We need to talk. About kitchens, and my obsession about them as the single most important room in a house.
The kitchen is the pulse of a home. It’s where people congregate during parties. It is nourishment. It can be the site of epic dinners and emotional meltdowns.
After my people, my kitchen is my most longed-for thing that I left in California. I spent a year planning it, taking a detailed inventory of every pot, bowl, utensil, plate, and tool and designing a place for it. I could cook in that kitchen blindfolded. I accounted for every detail — how I work, where I stand, how light pours over my shoulder to my workspace, how I unload groceries or load dishes.
I did not have a wedding planner, but I hired a kitchen designer.
I have been looking for a new place to live here, and I have looked at dozens of places. It is generous to say that kitchens here are lacking. Not just small, but shoved into the darkest, most pathetic, dreary corner of the house or apartment. It’s beyond an afterthought: no thought at all. Imagine a submarine galley and you get the idea.
Even supposedly “updated” kitchens are more suited for making toast and capsule coffee than composing and orchestrating memorable meals. They are almost always stark white, clinical affairs.
Perhaps it’s the long history of faux-nobility where “the help” works in the kitchen, even in many modest homes. It doesn’t need to be welcoming, let alone beautiful or bright or central if no one but the cook enters. Perhaps it’s a cultural thing or an urban thing, but it also seems that no one really entertains at home. Instead, gatherings take place at restaurants. On Sunday afternoons (pre-COVID) you’d see long tables of families enjoying a long lunch.
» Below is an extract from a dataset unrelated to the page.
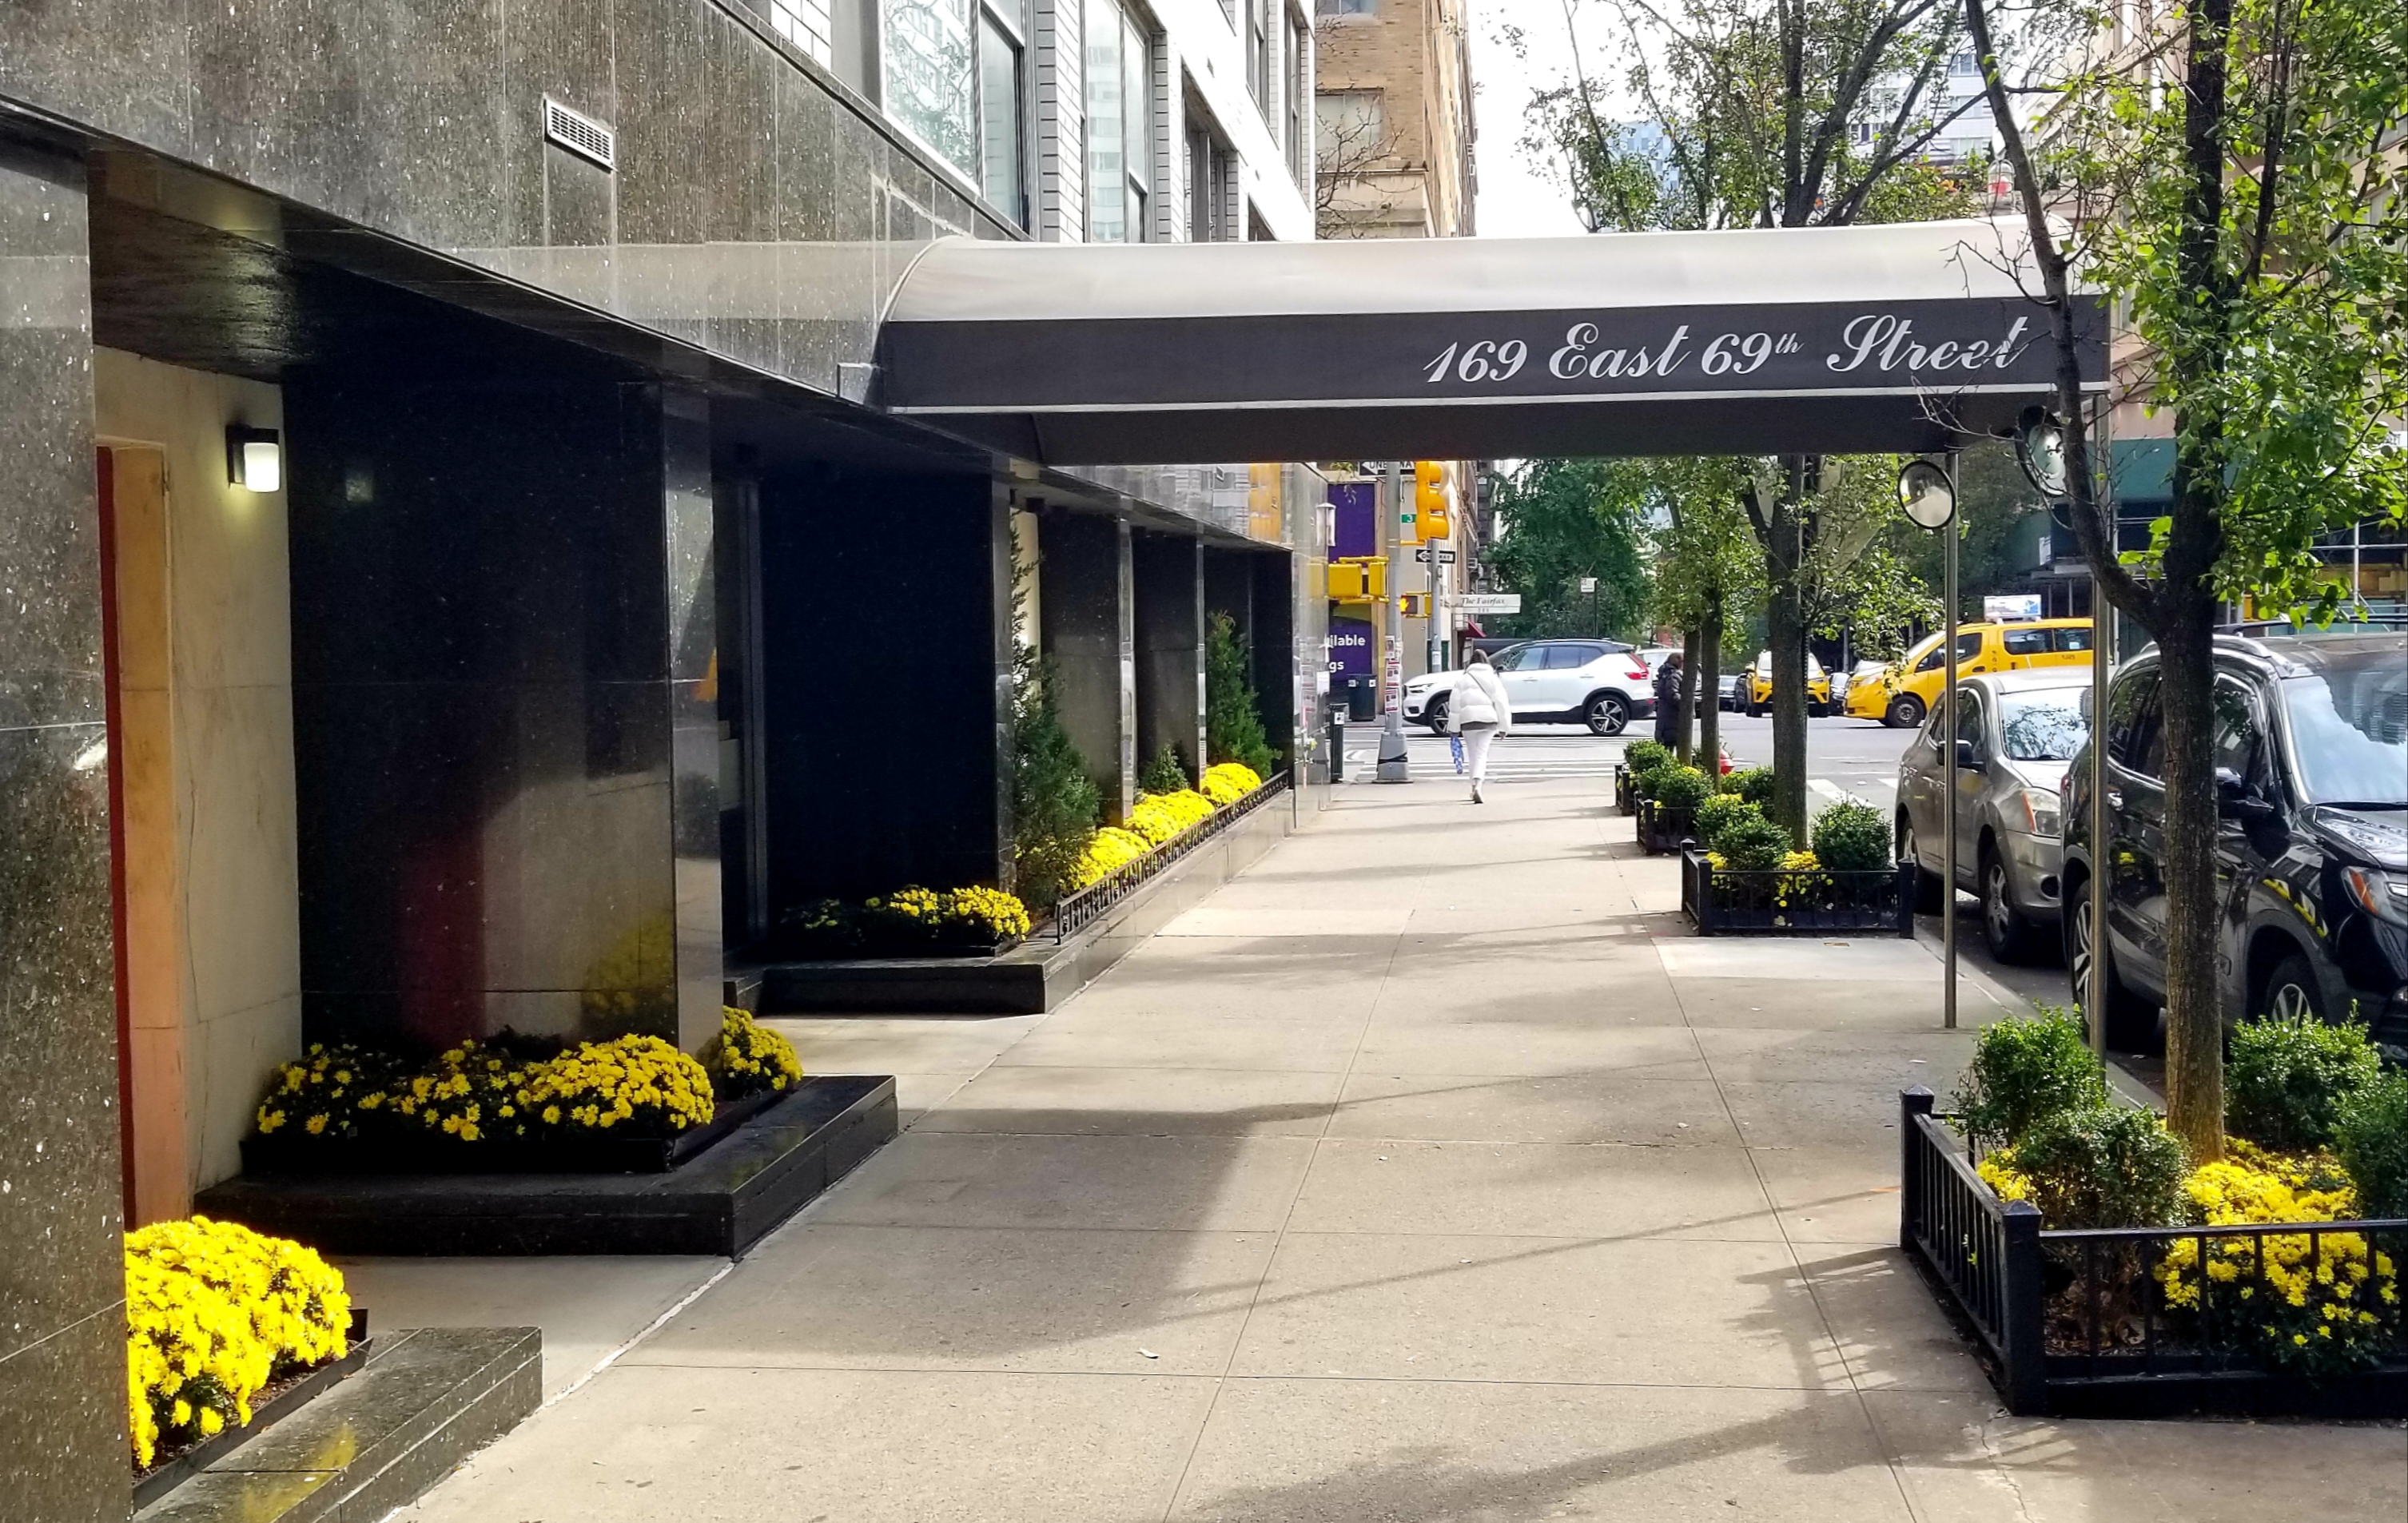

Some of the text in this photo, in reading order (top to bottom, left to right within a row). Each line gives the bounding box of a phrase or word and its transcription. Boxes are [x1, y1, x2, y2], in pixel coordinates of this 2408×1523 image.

[1423, 314, 2030, 383] 169 East 69th Street
[1407, 514, 1413, 523] 3
[1477, 597, 1506, 607] Fairfax
But the home kitchen in Portugal (Lisbon, at least) is truly a sad state of affairs.
When I was designing my kitchen, people told me that most people plan for the once-a-year kitchen: Thanksgiving. Many people design a show kitchen that ultimately is little-used to its grandiose potential.
I am not those people. Or I wasn’t.
Perhaps what I really miss is what the kitchen represents — memories of gatherings, of long hours with my mom, of teaching the neighborhood kids how to use a knife and make gnocchi, of New Year’s Eve bacchanals, and supper clubs. It represents my identity as host, cook, gatherer.
But, really, it’s the kitchen. I can’t lie.